As Reuters reports, the space agency’s first crewed lunar landing mission in over half a century, dubbed Artemis 3 will likely slip from its tentative late 2025 launch date, with insider sources saying that the issue is SpaceX is taking longer than expected to reach certain milestones with its massive Starship spacecraft (you know, the one that keeps exploding.)
Similarly, NASA’s Artemis 2 mission, a crewed journey around the Moon and back, will also likely be pushed back due to recently uncovered issues with Boeing’s Orion crew capsule, per the report.
Given the astronomical complexities involved, the news shouldn’t come as too much of a surprise. SpaceX has been working at a fever pitch to get its 165-foot stainless steel rocket into orbit and carried out two orbital launch attempts last year — both of which ended in, well, don’t call them failures but the missions didn’t survive.
Not Ready Yet
The plan is to have a Starship Human Landing System spacecraft rendezvous with an Orion spacecraft and ferry NASA astronauts from the Moon’s orbit down to the surface.

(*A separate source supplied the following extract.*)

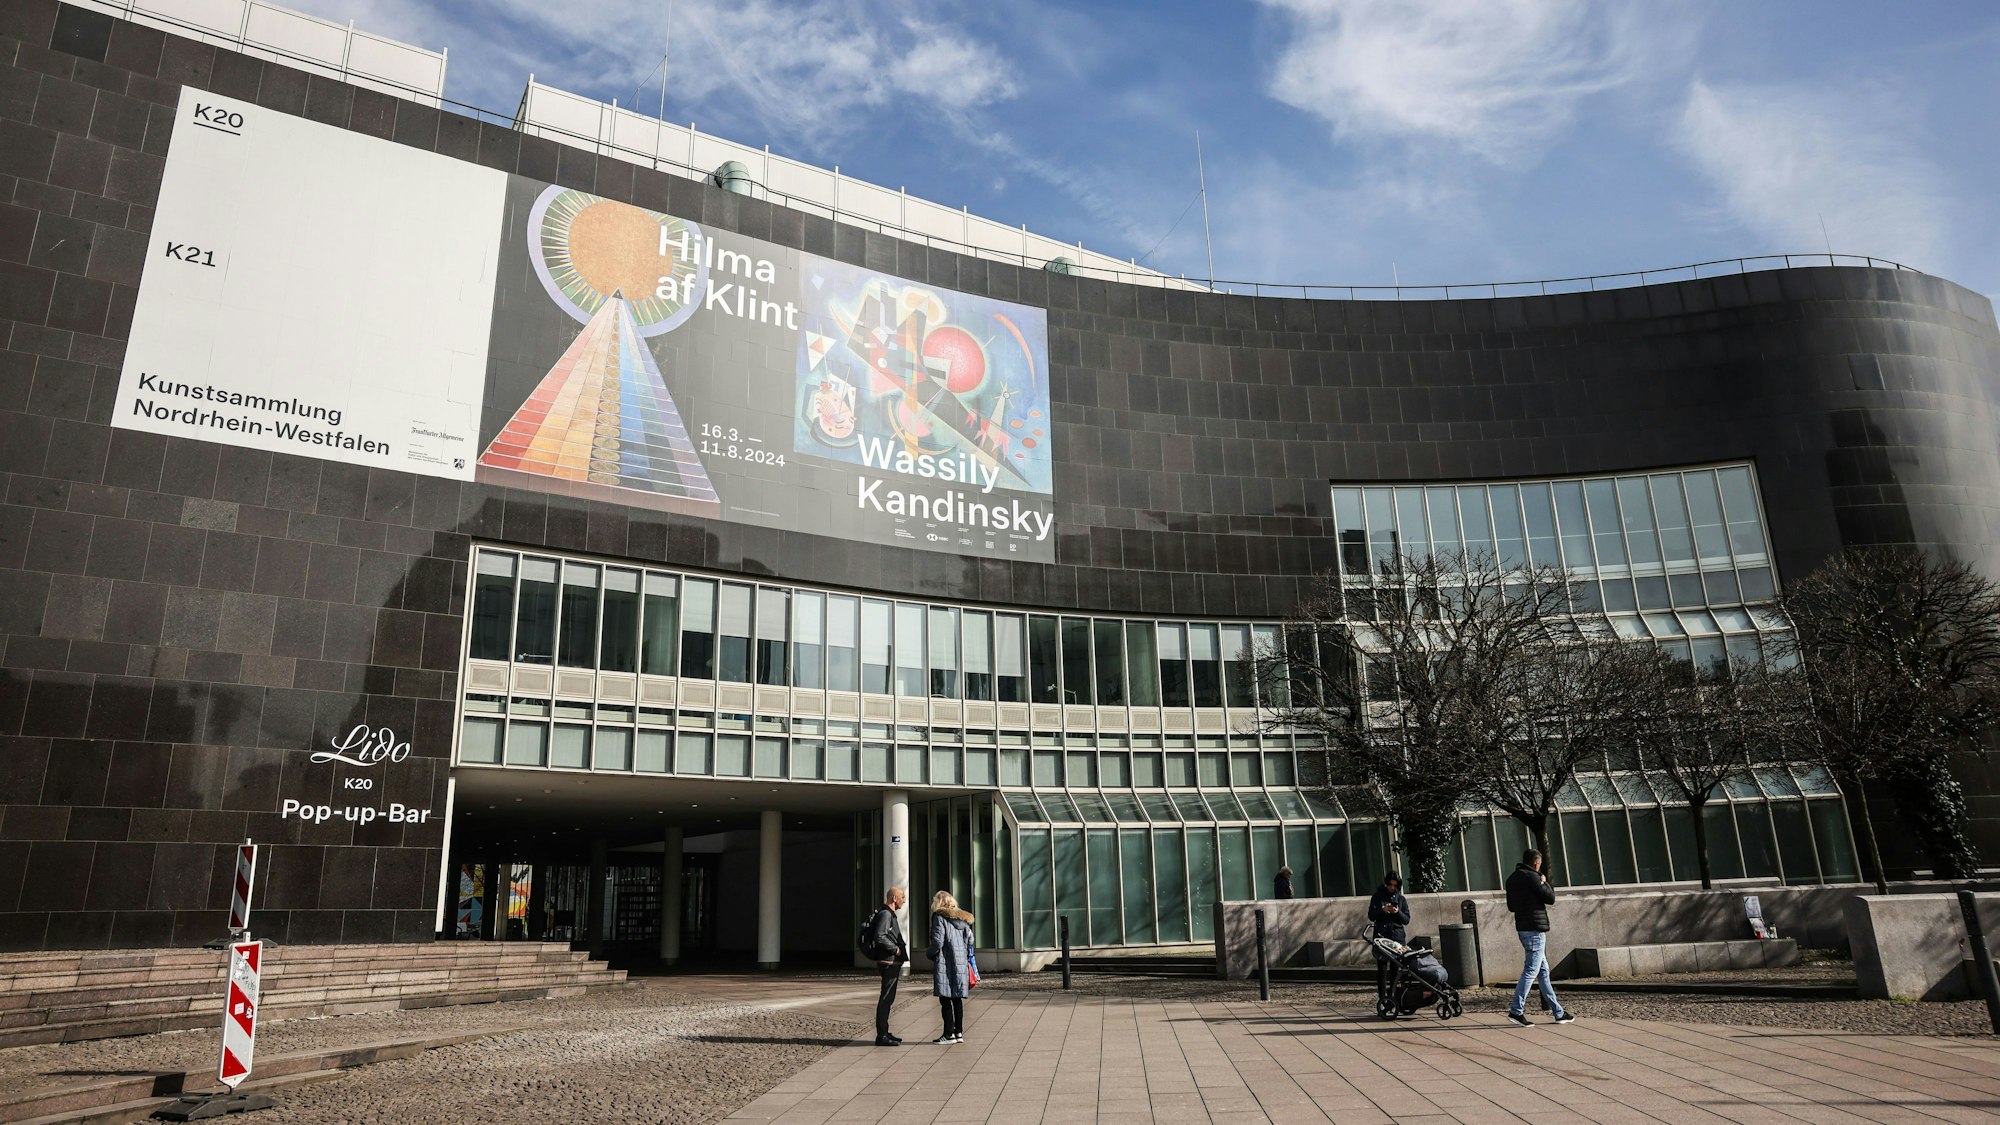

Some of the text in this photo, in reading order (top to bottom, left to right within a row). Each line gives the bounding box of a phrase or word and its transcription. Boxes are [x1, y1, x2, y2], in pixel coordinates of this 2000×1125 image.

It’s a complicated mission that involves several Starship spacecraft fueling a Moon landing variant in Earth’s orbit, before meeting up with the crew hundreds of thousands of miles away.
SpaceX still has a lot to prove, including achieving a stable orbit, swapping fuel between spacecraft, and of course the ability to make a safe and soft approach to the lunar surface.
Despite the delays, NASA is still making progress toward its goal of returning the first astronauts to the lunar surface in over half a century. So far, NASA already has one successful Artemis mission under its belt, having launched an uncrewed Orion capsule around the Moon and back in 2022.